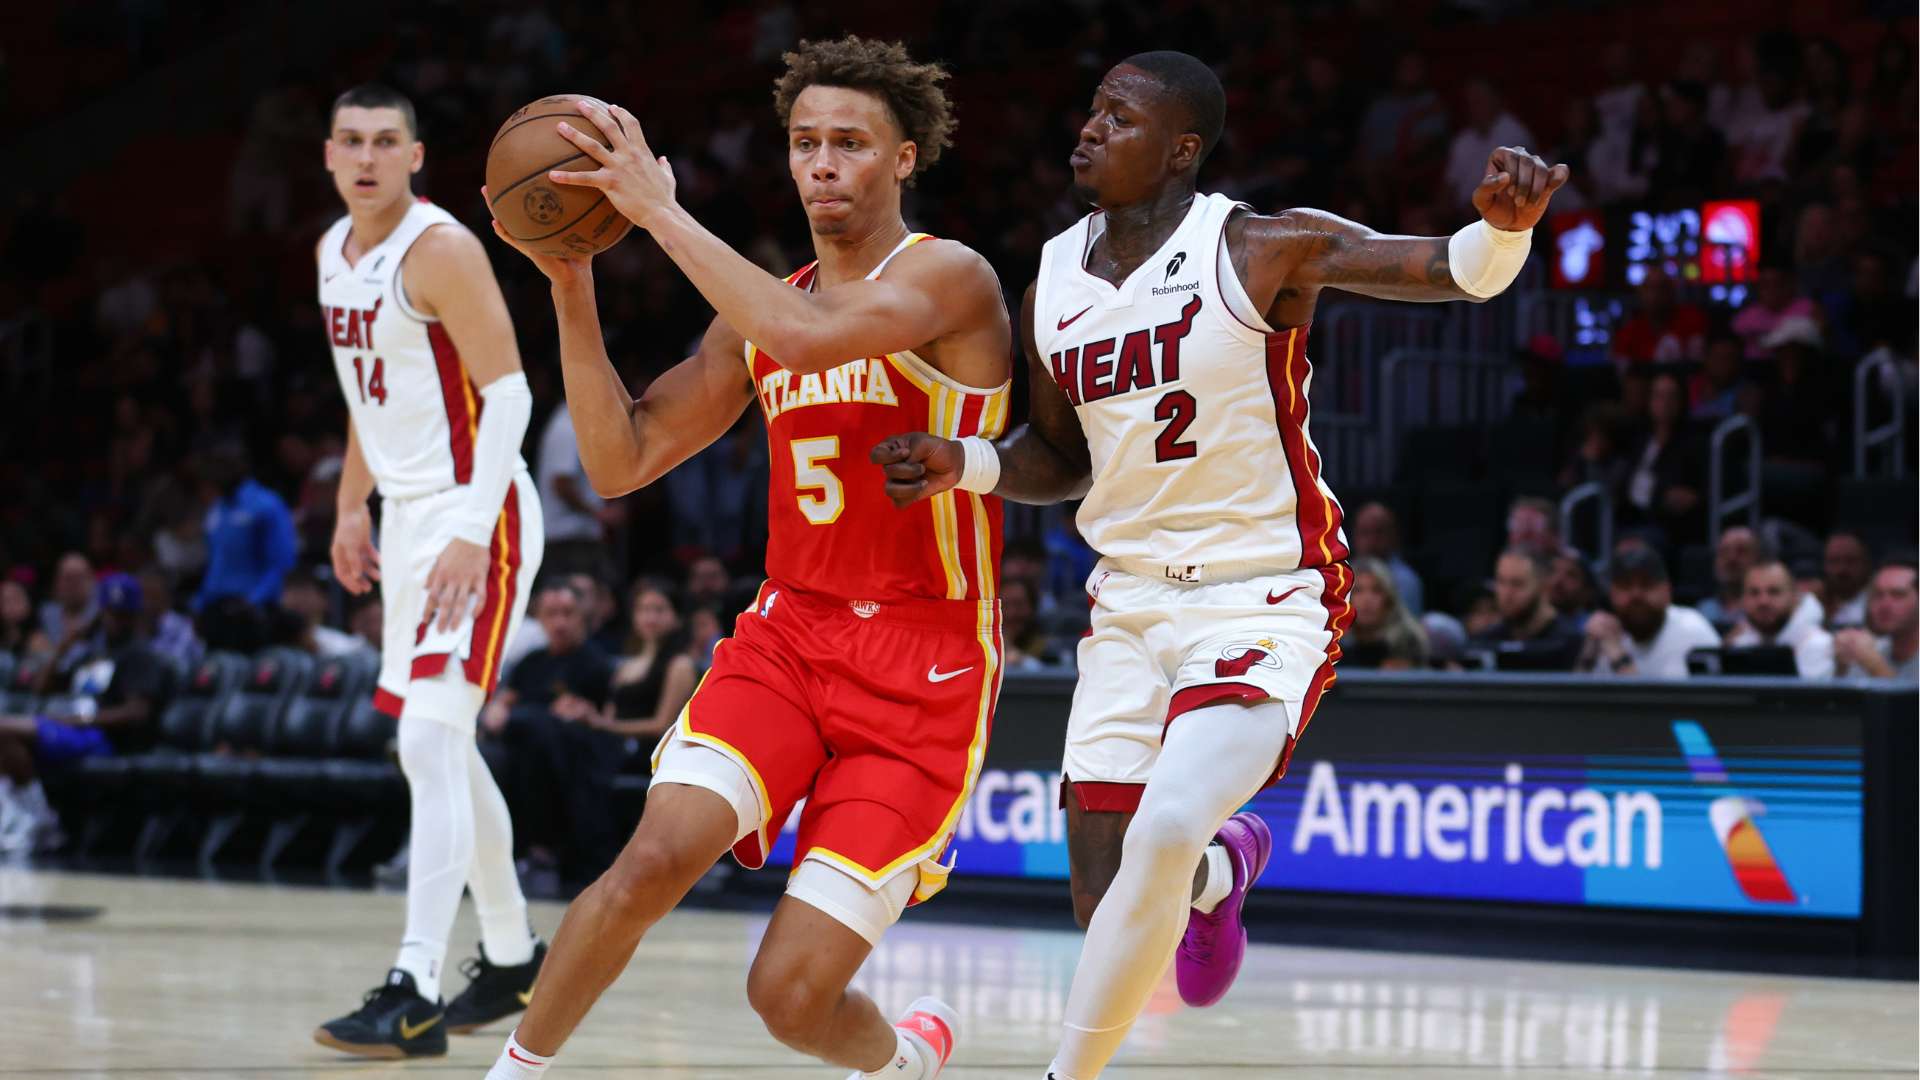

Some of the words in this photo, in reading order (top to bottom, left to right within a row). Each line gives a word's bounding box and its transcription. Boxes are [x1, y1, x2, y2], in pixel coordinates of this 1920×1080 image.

[1152, 281, 1199, 296] Robinhood
[353, 357, 388, 406] 14
[1050, 294, 1202, 407] HEAT
[1154, 389, 1197, 463] 2
[790, 435, 845, 525] 5
[1292, 761, 1663, 870] American
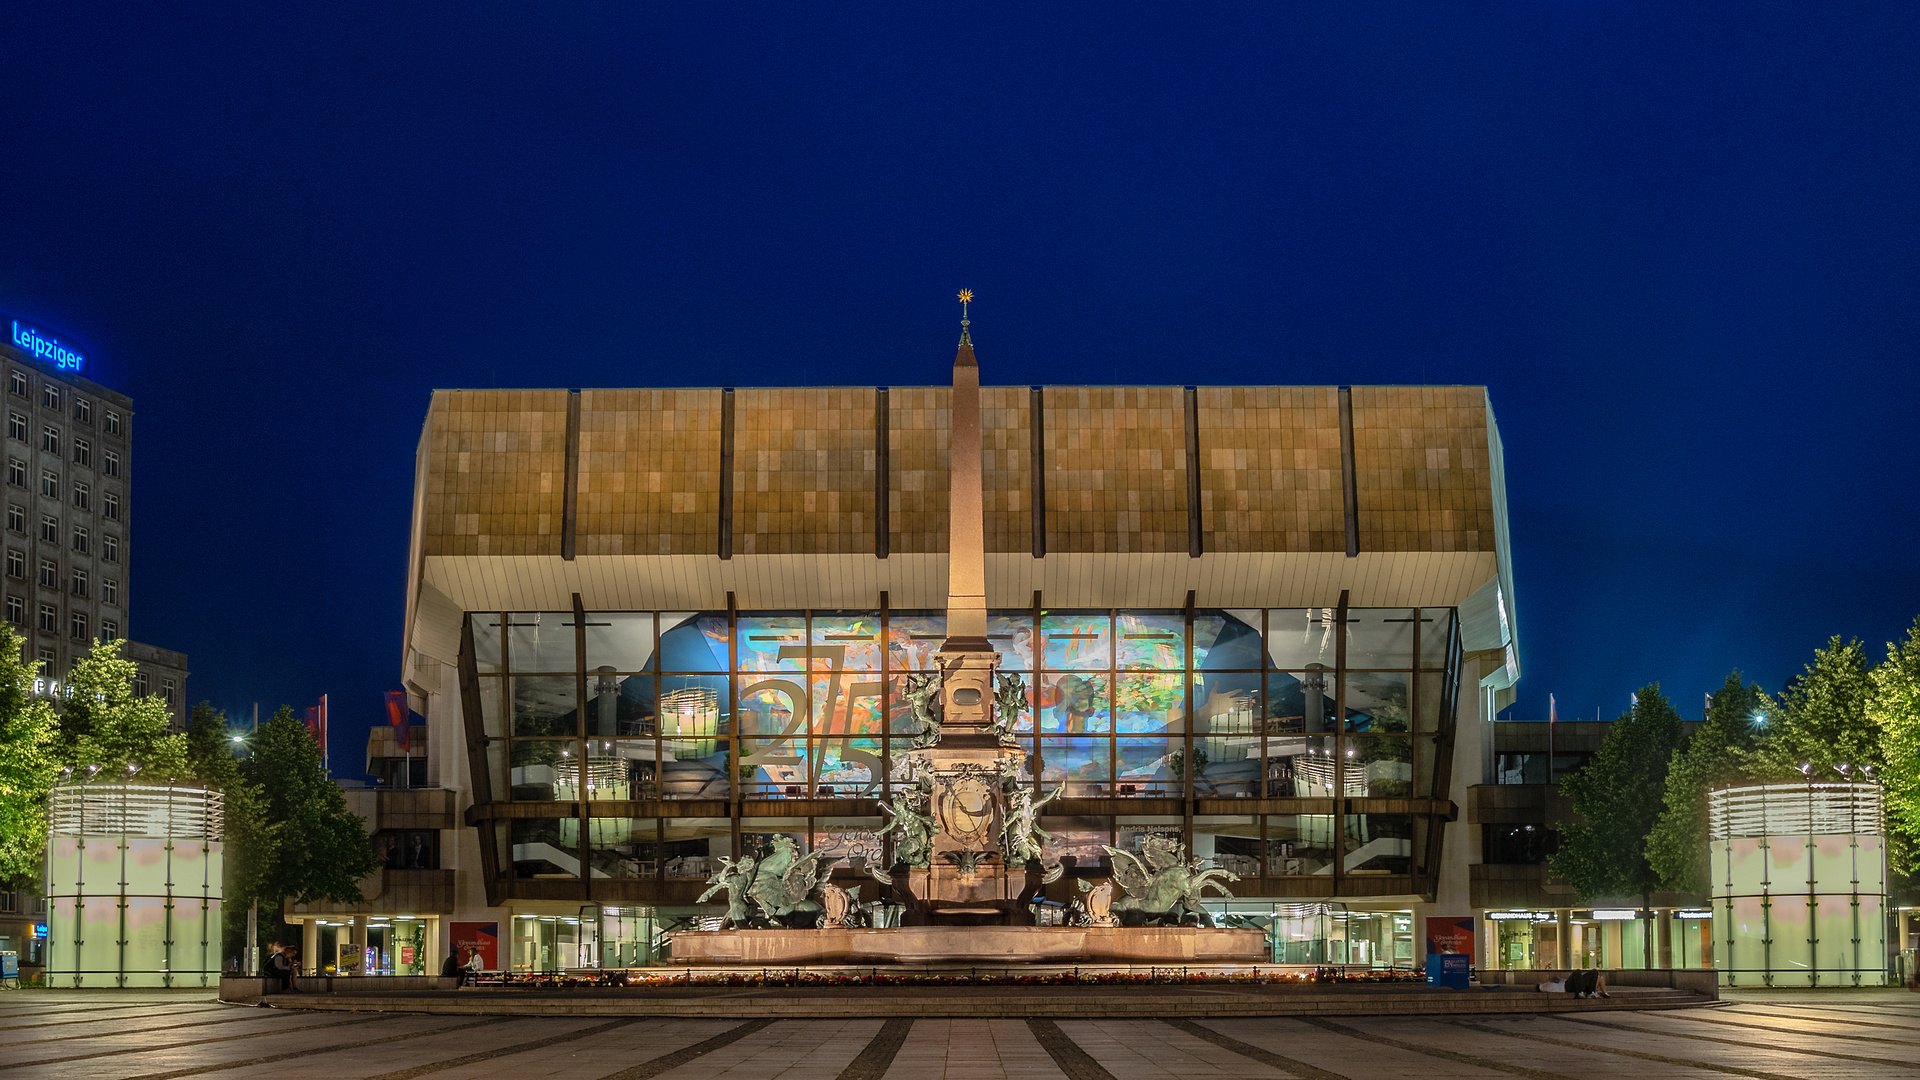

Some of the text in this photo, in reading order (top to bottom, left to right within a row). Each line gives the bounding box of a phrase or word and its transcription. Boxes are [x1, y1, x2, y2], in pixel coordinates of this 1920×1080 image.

[13, 321, 83, 370] Leipziger
[739, 645, 899, 799] 275
[1120, 825, 1182, 833] Andris Nelsons,

****************

▸ TO DO
Please output, exactly, the lines of the listing from the one containing "Some of the text" through the last, inclusive, and no other lines.

▸ FINAL ANSWER
Some of the text in this photo, in reading order (top to bottom, left to right within a row). Each line gives the bounding box of a phrase or word and its transcription. Boxes are [x1, y1, x2, y2], in pixel coordinates of this 1920×1080 image.

[13, 321, 83, 370] Leipziger
[739, 645, 899, 799] 275
[1120, 825, 1182, 833] Andris Nelsons,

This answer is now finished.